Annotated photo localization data:
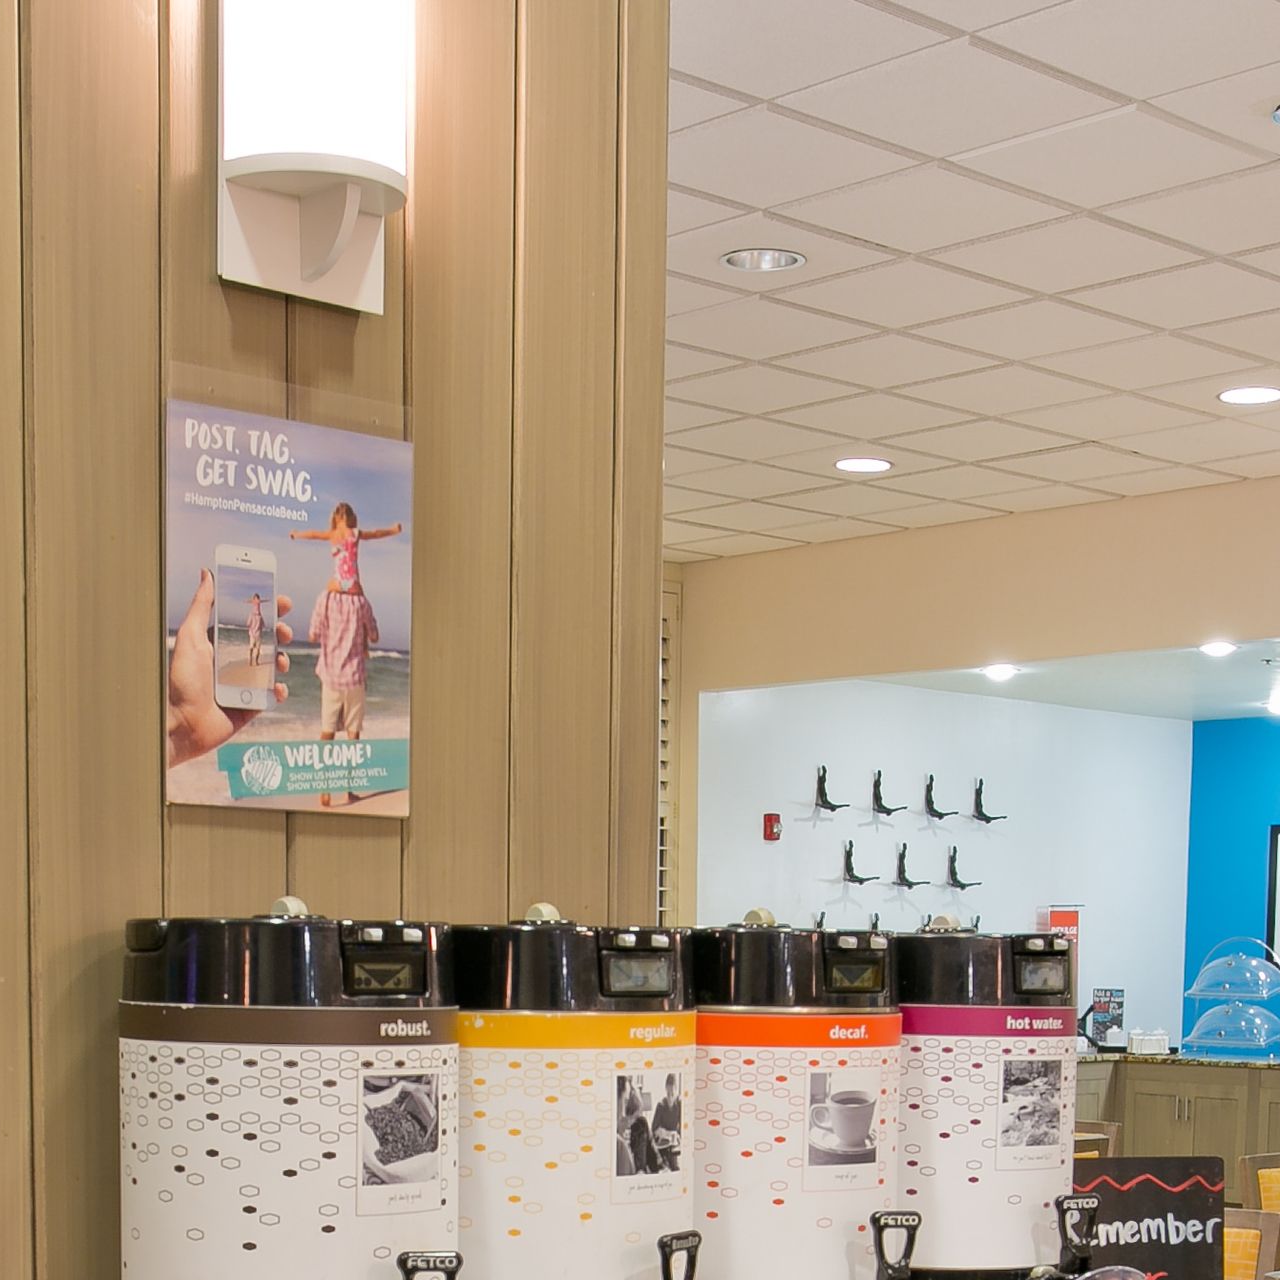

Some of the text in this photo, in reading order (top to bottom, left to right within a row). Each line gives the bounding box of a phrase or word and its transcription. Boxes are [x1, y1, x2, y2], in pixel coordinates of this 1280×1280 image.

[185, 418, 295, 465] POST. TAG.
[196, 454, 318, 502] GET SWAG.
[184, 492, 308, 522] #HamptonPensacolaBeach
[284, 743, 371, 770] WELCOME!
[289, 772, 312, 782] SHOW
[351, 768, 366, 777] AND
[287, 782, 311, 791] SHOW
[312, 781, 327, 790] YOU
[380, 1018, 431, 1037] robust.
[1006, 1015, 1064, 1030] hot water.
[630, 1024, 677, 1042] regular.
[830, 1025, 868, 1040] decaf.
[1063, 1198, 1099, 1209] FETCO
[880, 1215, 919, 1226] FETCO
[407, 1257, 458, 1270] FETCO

Work to complete: A faithful copy of all the lines above is needed, with the pictures omitted.

Expected output:
Some of the text in this photo, in reading order (top to bottom, left to right within a row). Each line gives the bounding box of a phrase or word and its transcription. Boxes are [x1, y1, x2, y2], in pixel coordinates of this 1280×1280 image.

[185, 418, 295, 465] POST. TAG.
[196, 454, 318, 502] GET SWAG.
[184, 492, 308, 522] #HamptonPensacolaBeach
[284, 743, 371, 770] WELCOME!
[289, 772, 312, 782] SHOW
[351, 768, 366, 777] AND
[287, 782, 311, 791] SHOW
[312, 781, 327, 790] YOU
[380, 1018, 431, 1037] robust.
[1006, 1015, 1064, 1030] hot water.
[630, 1024, 677, 1042] regular.
[830, 1025, 868, 1040] decaf.
[1063, 1198, 1099, 1209] FETCO
[880, 1215, 919, 1226] FETCO
[407, 1257, 458, 1270] FETCO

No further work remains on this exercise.